_PROBLEM:_ Apart from the pictures, every record here must be copied word for word.

Saved entries
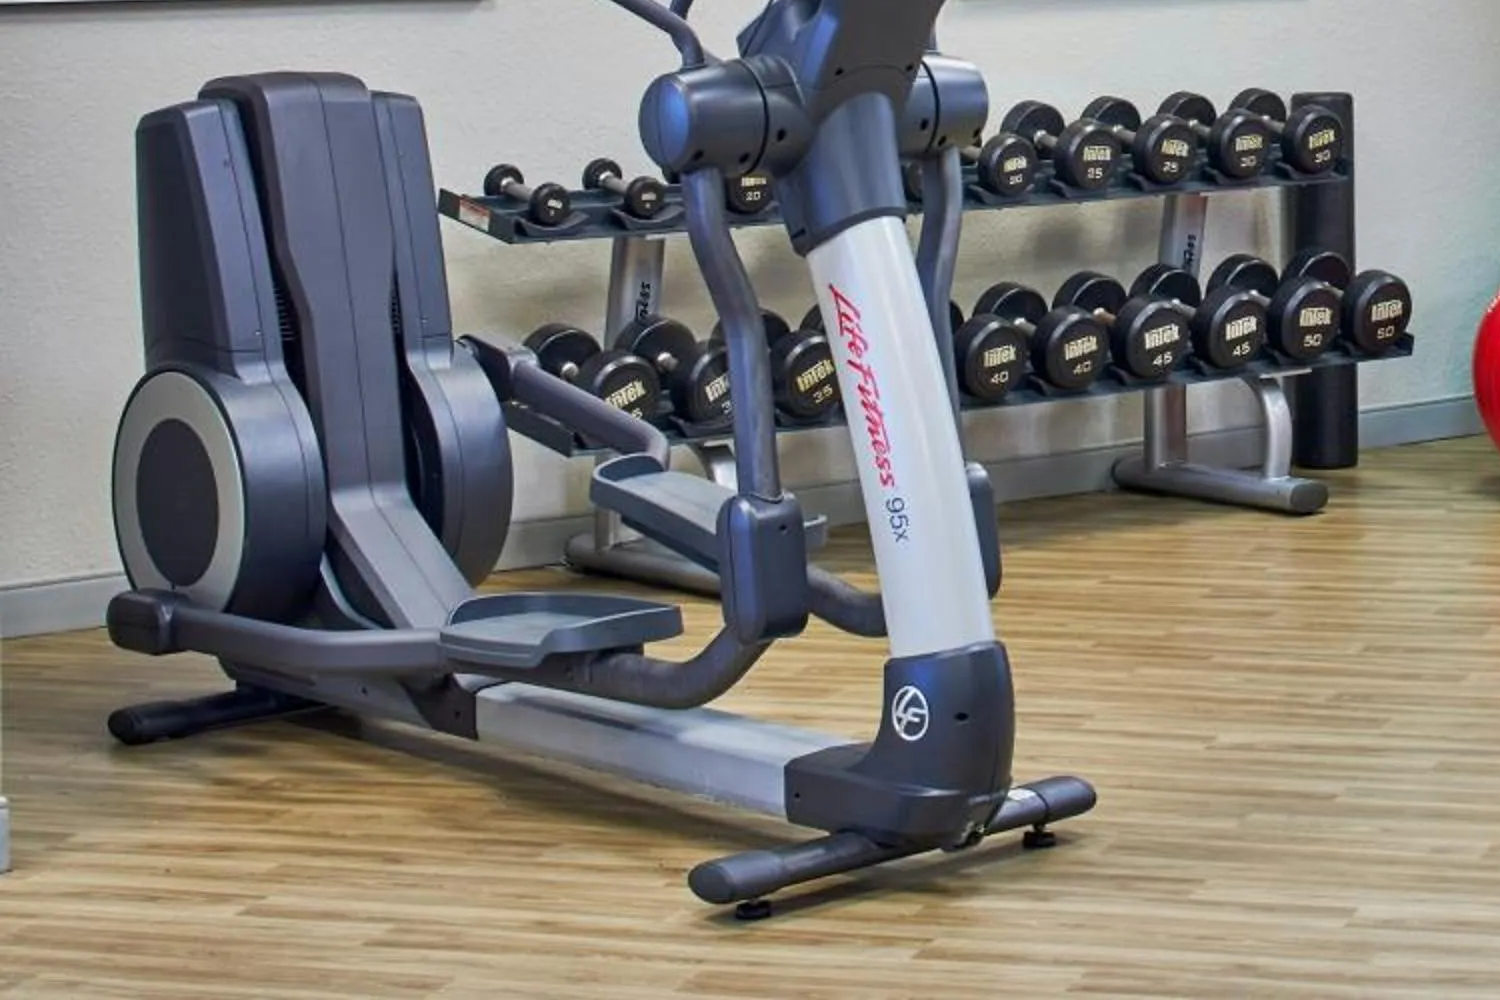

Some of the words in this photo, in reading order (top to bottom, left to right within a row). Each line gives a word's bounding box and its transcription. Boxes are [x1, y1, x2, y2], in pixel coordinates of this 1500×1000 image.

[1377, 325, 1395, 340] 50
[1303, 333, 1323, 348] 50
[1232, 342, 1251, 357] 45
[1153, 351, 1173, 367] 45
[1073, 360, 1092, 375] 40
[990, 371, 1009, 385] 40
[813, 384, 833, 404] 35

_FINISHED TASK:_
Some of the words in this photo, in reading order (top to bottom, left to right within a row). Each line gives a word's bounding box and its transcription. Boxes are [x1, y1, x2, y2], in pixel coordinates of this 1500×1000 image.

[1377, 325, 1395, 340] 50
[1303, 333, 1323, 348] 50
[1232, 342, 1251, 357] 45
[1153, 351, 1173, 367] 45
[1073, 360, 1092, 375] 40
[990, 371, 1009, 385] 40
[813, 384, 833, 404] 35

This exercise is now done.